In many cases therapists as well as doctors will measure how successful their drug treatment was with the use of ongoing and random screened drug testing. Sobriety is something that needs to be carefully regulated especially with someone that has had ongoing struggles with substance abuse. Random drug screenings may also be required for you to gain or maintain your employment. Whether you are receiving testing for employment or for the maintaining of your sobriety its importer member that Suboxone does not show up in a standard drug panel.
In most cases standard drug panels will test for addiction to opioid drugs. This can mean a random screening could detect the signs of oxycodone, heroin or even morphine in the system. Suboxone is not one of the medications that is commonly checked for as it is mostly used in the process of recovery. In most cases it’s difficult to penalize someone for using Suboxone as with its proper use it is to ease the symptoms of withdrawal as well as keep a person from returning to opioid use.

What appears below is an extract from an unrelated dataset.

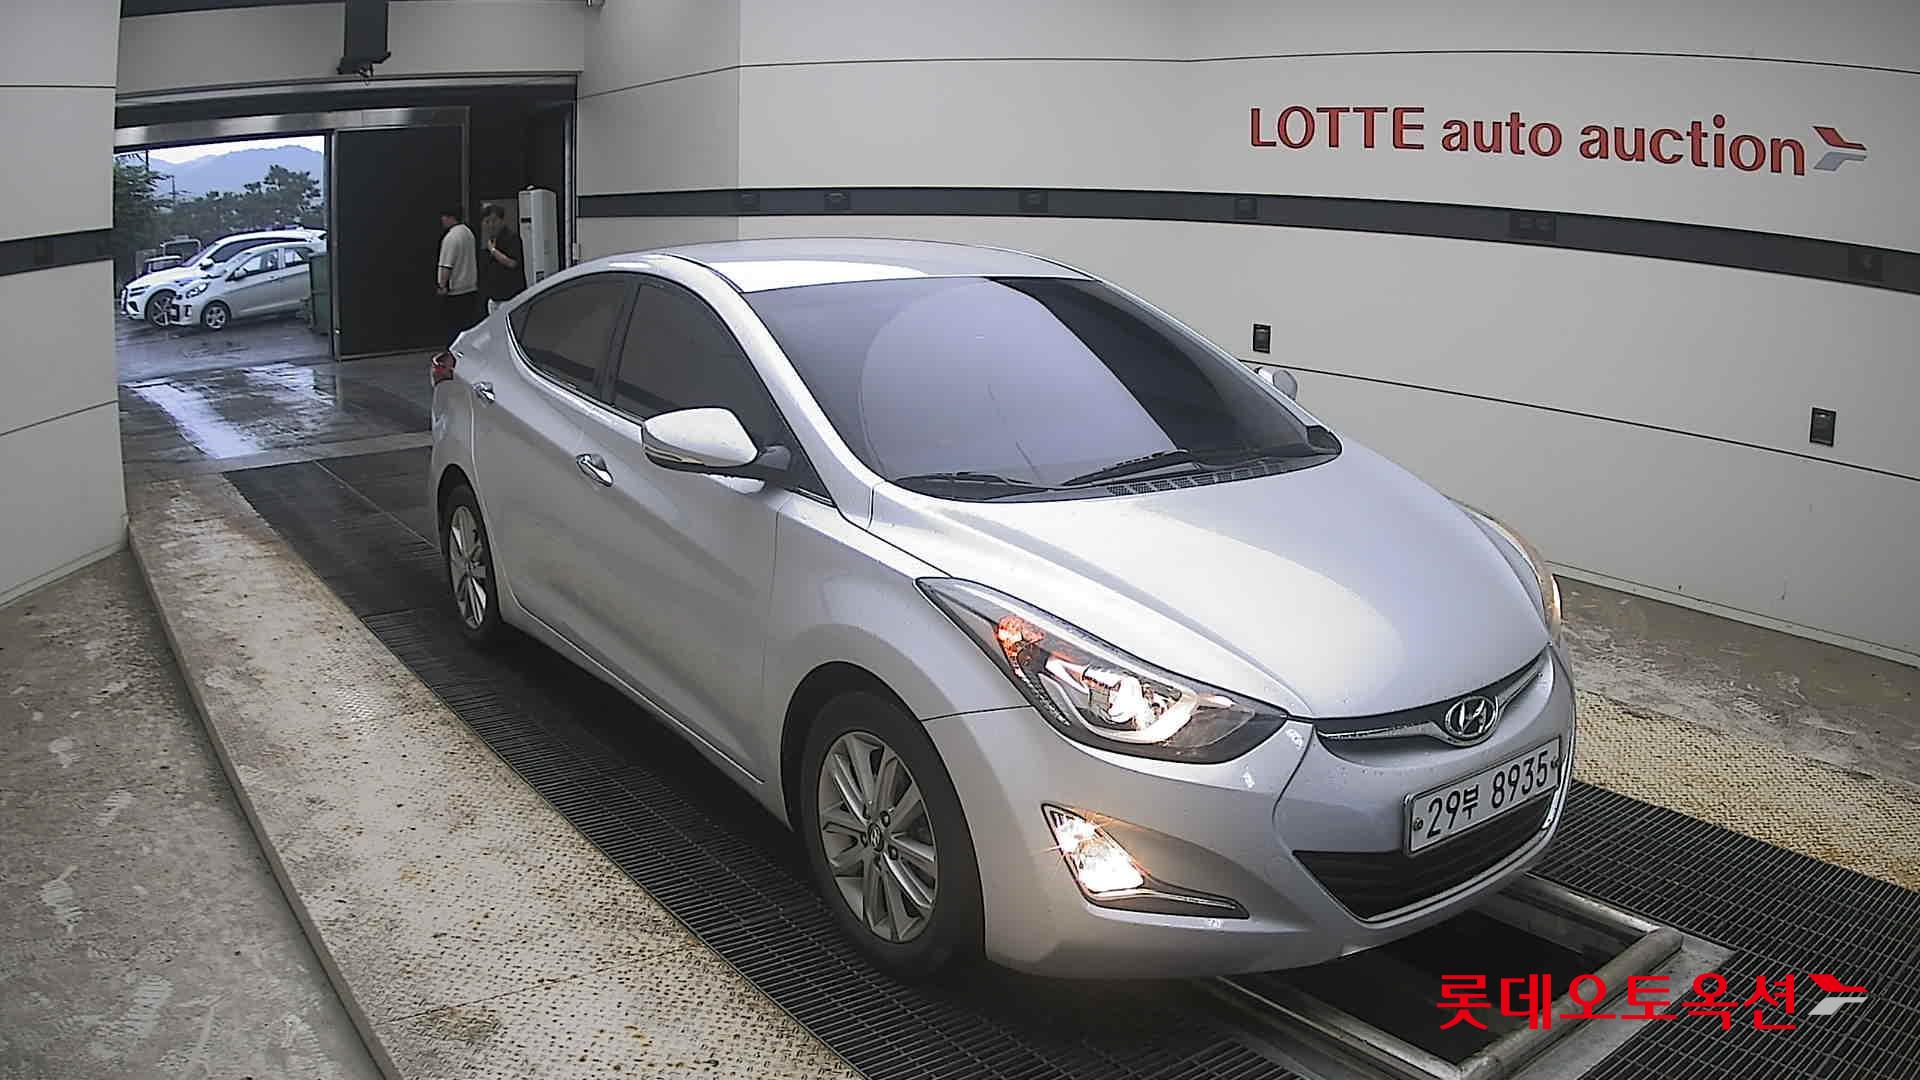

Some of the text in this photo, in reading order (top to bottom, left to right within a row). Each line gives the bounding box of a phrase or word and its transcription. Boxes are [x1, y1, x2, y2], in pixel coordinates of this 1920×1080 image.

[1250, 106, 1806, 175] LOTTE auto auction
[1427, 751, 1549, 839] 29부 8935

Suboxone is a combination of naloxone and buprenorphine and it’s commonly used in reducing the withdrawal symptoms for those that have been regularly using opiod drugs. Buprenorphine works as an opioid agonist and as a result it can mimic some of the initial feelings of opioid drugs without the intent symptoms of euphoria. Buprenorphine can help individuals to reduce their feelings of withdrawal as well as prevent cravings for opioid medication. It also works particularly well at normalizing brain function and allowing the brain to eventually take a chemical dependence. This can help individuals to prevent relapse in their opioid use.
Naloxone is an opioid antagonist and this can block out the effects of opiate drugs. In the formula for Suboxone naloxone works to prevent any type of euphoria from being enacted through opioid drug use. Naloxone actually works to fill up the receptors which are commonly affected by opioids and regardless of the amount of Suboxone taken, a person will not experience any type of euphoria. This prevents Suboxone from being an adequate use as a street drug or as a medication that someone could abuse. Suboxone is designed only as a therapy drug and that is really only used it has for individuals. It can actually cause a number of negative withdrawal symptoms if it is modified or taken via smoking, snorting or injection as it will have absolutely zero effect for preventing withdrawal symptoms in this form.

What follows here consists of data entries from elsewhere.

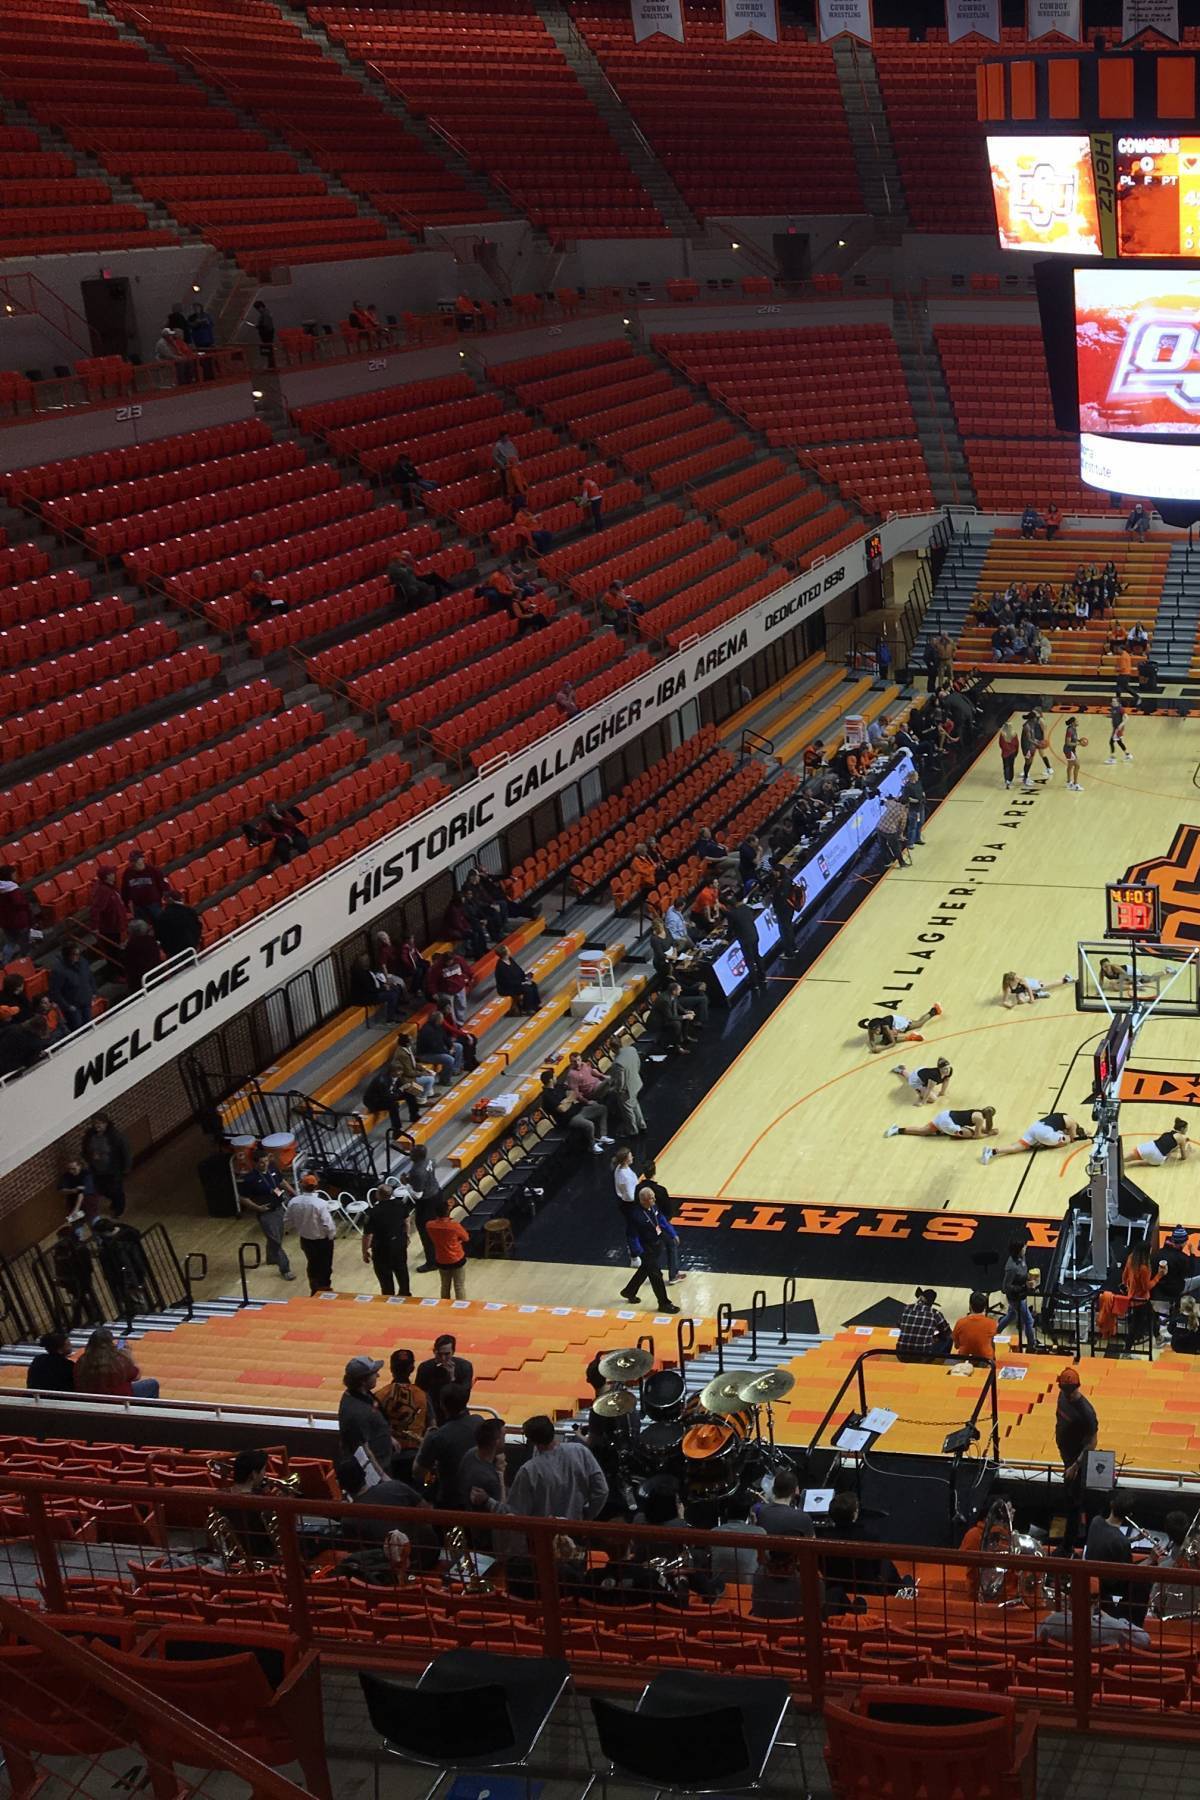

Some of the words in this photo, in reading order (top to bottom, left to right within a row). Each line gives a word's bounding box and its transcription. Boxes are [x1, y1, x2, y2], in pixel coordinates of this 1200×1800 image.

[1094, 139, 1114, 213] Hertz
[1140, 156, 1154, 172] 0
[1161, 176, 1178, 186] PT
[115, 405, 143, 421] 213
[997, 778, 1048, 829] ARENA
[74, 955, 251, 1098] WELCOME
[259, 924, 303, 969] TO
[349, 792, 496, 916] HISTORIC
[504, 669, 688, 808] GALLAGHER-IBA
[694, 628, 748, 682] ARENA
[764, 583, 821, 632] DEDICATED
[823, 566, 846, 592] 1938
[670, 1202, 979, 1243] STATE
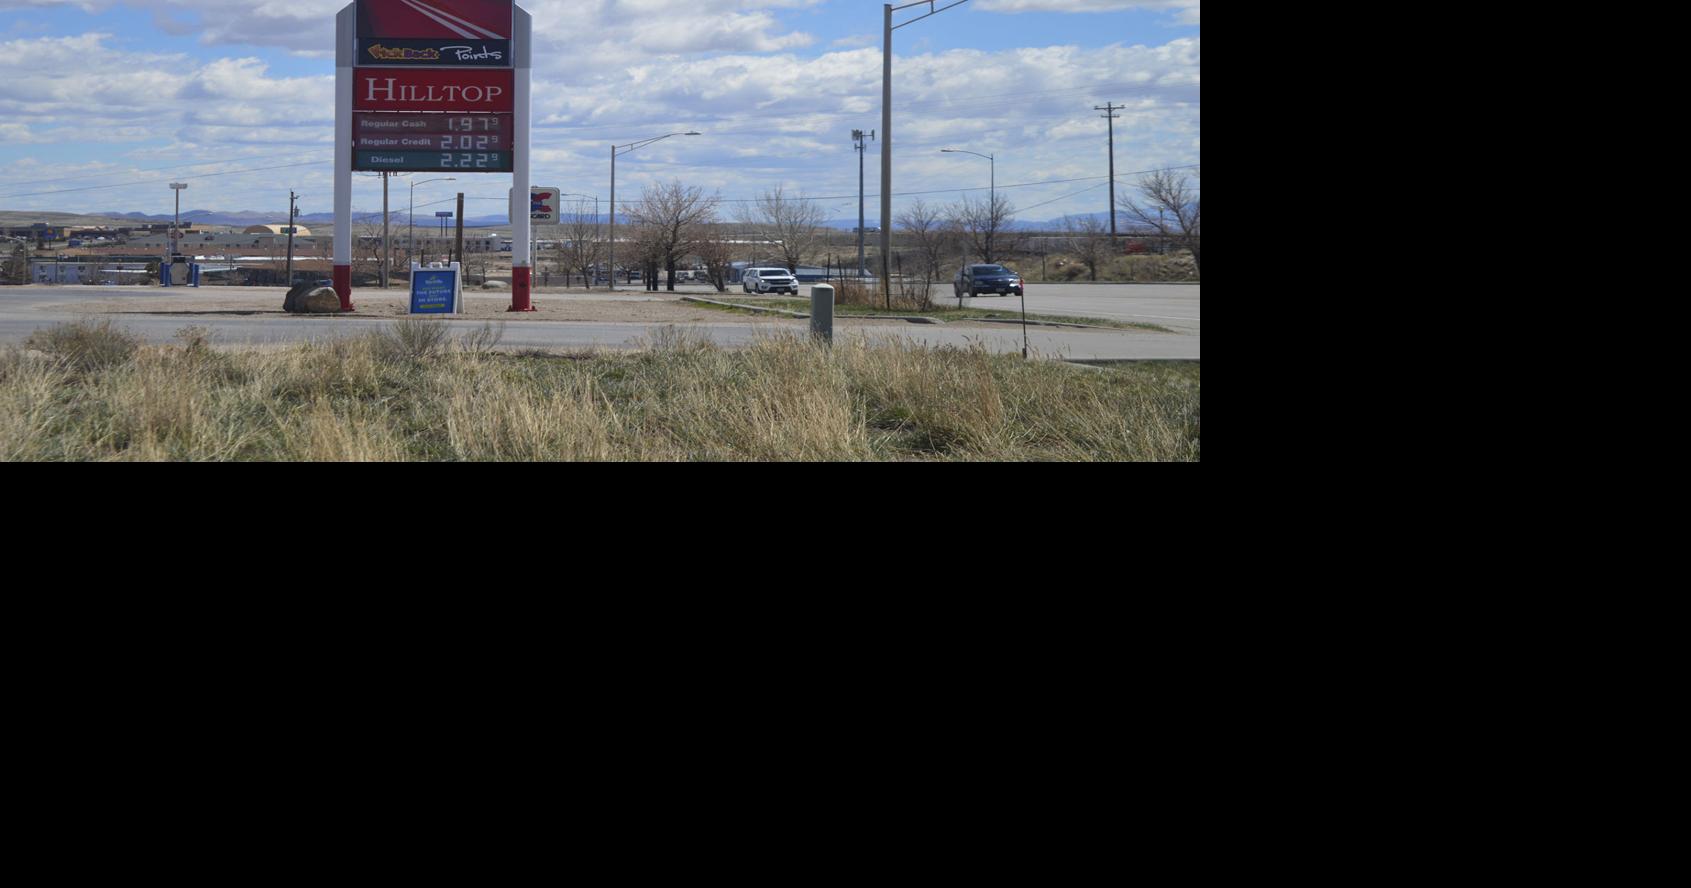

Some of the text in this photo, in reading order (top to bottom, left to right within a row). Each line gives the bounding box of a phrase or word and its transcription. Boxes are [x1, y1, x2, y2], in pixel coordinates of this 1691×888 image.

[440, 46, 502, 61] Points
[360, 120, 399, 129] Regular
[401, 119, 427, 128] Cash
[360, 138, 399, 147] Regular
[401, 138, 432, 146] Credit
[370, 156, 404, 164] Diesel

With medical treatment featuring Suboxone it’s important that patients never discontinue the use of the medication with out appropriate doctors orders. The idea of using Suboxone is to eventually wean down the doses of the drug and prevent withdrawal symptoms. Over time as a person begins to wean themselves off of the doses of Suboxone it possible for them to become drug-free. Weaning themselves off of Suboxone to quickly or stopping Suboxone in a cold turkey fashion can immediately begin to cause Suboxone withdrawal. Suboxone withdrawal does come with many major concerns but it is often easier on the body than withdrawal using other types of opioids.
Some of the main symptoms of Suboxone withdrawal include:
As a reminder Suboxone does not show up as a positive in standard drug panels and it can be an extremely effective treatment tool for managing addictions to opioid drugs. The metabolites of substances like buprenorphine will not show up on standard drug panels for testing in hair , urine or blood. If you are currently taking Suboxone you should never consider giving it up without doctors orders or before a drug test.